Palma tastes better on foot. This Palma wine and tapas tour stitches together the old town and the food so you get both stories and snacks in one walk. I like the way the tasting menu connects to what you’re seeing—wine, olive oil, and tapas all line up with Majorcan flavors. One watch-out: it’s still a walking tour, so if you want a slow, sit-everywhere pace, you may feel the pressure to keep moving.

We meet and wrap up at Plaça de la Reina, 2, right in the historic center. It runs with a live guide in English, German, or Spanish, and the tasting can be adapted to your preferences, so it feels more like your day than a factory tour.

Key highlights you’ll feel right away

Palma Tour with Wine and Tapas Tasting - Key highlights you’ll feel right away

  • Old town route with major landmarks like the Cathedral of Palma, the artist quarter, and Plaza España
  • Wine tasting paired with tapas (including ham and cheese) so flavors make sense together
  • Olive oil tasting that helps you notice what makes Majorcan oil different on the table
  • Tapas bar finish with traditional Majorcan recipes for a real local-style stop
  • Meet-up at Plaça de la Reina for an easy start in the heart of Palma

Why Palma’s old town is perfect for a wine and tapas tour

Palma Tour with Wine and Tapas Tasting - Why Palma’s old town is perfect for a wine and tapas tour
Palma de Mallorca has that classic “walk and look” quality—small streets that open into big views, plus layers of architecture that change as you move. That’s exactly why a food tour works here. You’re not just collecting tastings; you’re also learning what the city values and where those flavors show up around you.

What I like about this format is the balance. You get a short guided sightseeing loop, then the tour shifts into taste mode: wine first, then olive oil, then tapas that match the wines. It’s a simple idea, but it makes the whole experience easier to remember. Instead of eating random bites, you’re tasting with context.

The other bonus is practical. Palma’s historic center is walkable in sections, and starting in a central square means you spend less time figuring out logistics and more time actually enjoying the day.

You can also read our reviews of more food & drink experiences in Mallorca

Starting at Plaça de la Reina: the easiest way to get your bearings

Palma Tour with Wine and Tapas Tasting - Starting at Plaça de la Reina: the easiest way to get your bearings
The tour begins at Plaça de la Reina, 2, and it ends back there. For me, that matters more than it sounds. When a food tour starts and finishes in the same place, you can plan your day around it without stress.
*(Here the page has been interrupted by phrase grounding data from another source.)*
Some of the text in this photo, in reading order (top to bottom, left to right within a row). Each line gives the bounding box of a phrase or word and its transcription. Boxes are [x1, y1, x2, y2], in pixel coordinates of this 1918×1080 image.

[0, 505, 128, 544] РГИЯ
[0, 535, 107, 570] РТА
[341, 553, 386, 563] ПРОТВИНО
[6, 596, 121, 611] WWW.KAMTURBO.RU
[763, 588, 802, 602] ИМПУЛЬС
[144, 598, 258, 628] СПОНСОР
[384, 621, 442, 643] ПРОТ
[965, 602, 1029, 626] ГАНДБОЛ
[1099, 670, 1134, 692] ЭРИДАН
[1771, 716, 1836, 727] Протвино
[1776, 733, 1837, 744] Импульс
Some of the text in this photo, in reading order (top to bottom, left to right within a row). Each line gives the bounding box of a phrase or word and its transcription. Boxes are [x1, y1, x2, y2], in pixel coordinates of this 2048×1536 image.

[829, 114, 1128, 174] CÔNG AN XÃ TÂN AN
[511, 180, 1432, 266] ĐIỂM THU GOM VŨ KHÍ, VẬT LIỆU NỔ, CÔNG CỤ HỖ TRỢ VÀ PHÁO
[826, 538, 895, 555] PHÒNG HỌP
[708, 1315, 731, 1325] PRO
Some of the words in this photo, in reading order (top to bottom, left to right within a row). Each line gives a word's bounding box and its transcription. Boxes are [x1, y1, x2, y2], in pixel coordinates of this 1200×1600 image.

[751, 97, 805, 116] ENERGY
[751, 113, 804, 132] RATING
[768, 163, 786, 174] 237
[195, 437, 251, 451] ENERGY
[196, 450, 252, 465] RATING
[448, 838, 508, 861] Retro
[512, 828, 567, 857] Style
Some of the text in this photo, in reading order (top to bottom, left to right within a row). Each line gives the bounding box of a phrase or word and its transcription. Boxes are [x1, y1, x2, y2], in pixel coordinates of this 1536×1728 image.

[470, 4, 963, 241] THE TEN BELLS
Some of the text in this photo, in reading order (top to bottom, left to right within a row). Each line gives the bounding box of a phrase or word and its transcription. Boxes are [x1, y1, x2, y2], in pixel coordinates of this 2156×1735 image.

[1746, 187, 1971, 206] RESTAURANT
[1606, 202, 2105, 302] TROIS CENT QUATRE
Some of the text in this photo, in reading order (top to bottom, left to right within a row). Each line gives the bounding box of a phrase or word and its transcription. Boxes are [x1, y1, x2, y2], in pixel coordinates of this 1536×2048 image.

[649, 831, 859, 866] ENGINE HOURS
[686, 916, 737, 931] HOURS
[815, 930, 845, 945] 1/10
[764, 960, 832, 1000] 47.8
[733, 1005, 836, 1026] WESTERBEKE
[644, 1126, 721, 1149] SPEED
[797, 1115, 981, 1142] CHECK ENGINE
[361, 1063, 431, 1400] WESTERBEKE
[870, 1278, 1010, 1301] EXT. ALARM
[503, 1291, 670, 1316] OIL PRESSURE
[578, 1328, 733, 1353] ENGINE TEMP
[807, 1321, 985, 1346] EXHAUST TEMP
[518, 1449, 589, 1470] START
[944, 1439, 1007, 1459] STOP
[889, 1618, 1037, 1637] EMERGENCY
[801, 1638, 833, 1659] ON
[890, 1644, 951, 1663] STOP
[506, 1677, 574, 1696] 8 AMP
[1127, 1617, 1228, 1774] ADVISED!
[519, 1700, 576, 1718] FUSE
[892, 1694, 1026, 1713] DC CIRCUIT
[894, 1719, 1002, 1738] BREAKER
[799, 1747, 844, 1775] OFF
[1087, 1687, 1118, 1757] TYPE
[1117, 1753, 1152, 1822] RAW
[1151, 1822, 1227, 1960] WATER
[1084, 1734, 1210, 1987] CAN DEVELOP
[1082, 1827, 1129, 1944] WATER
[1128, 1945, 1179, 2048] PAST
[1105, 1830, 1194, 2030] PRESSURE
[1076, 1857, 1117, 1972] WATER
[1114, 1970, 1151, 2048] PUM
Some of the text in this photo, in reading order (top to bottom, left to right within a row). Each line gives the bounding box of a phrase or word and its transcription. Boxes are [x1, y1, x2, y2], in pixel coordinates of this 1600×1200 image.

This meeting point also puts you close to the old-town core, so your guide can lead you into the city’s highlights without long detours. If you’re visiting Palma for the first time, it’s a strong way to learn the layout fast: which streets are lively, which areas feel more historic, and where key landmarks sit in relation to the restaurants.

One practical tip: bring comfortable shoes. Even though the tour is only 3 hours, you’ll be on your feet through the old center, including stops that require some walking between tasting locations.

The guided loop: cathedral views, Plaza España, and the artist quarter

Palma Tour with Wine and Tapas Tasting - The guided loop: cathedral views, Plaza España, and the artist quarter
Before the tastings really kick in, you’ll get a small guided city tour that gives you a clear “where am I?” picture of Palma de Mallorca. The route includes several landmarks, including the Cathedral of Palma, the artist quarter, and Plaza España, plus other sights in the historic center.

Here’s why this sightseeing piece is valuable, even if your main goal is food. Palma’s culinary identity is tied to place: port life, local agriculture, and long-standing traditions. When you learn a few city facts along the way, the tastings feel less random. A glass of local wine or a spoonful of olive oil doesn’t just taste good—it connects to the region’s day-to-day culture.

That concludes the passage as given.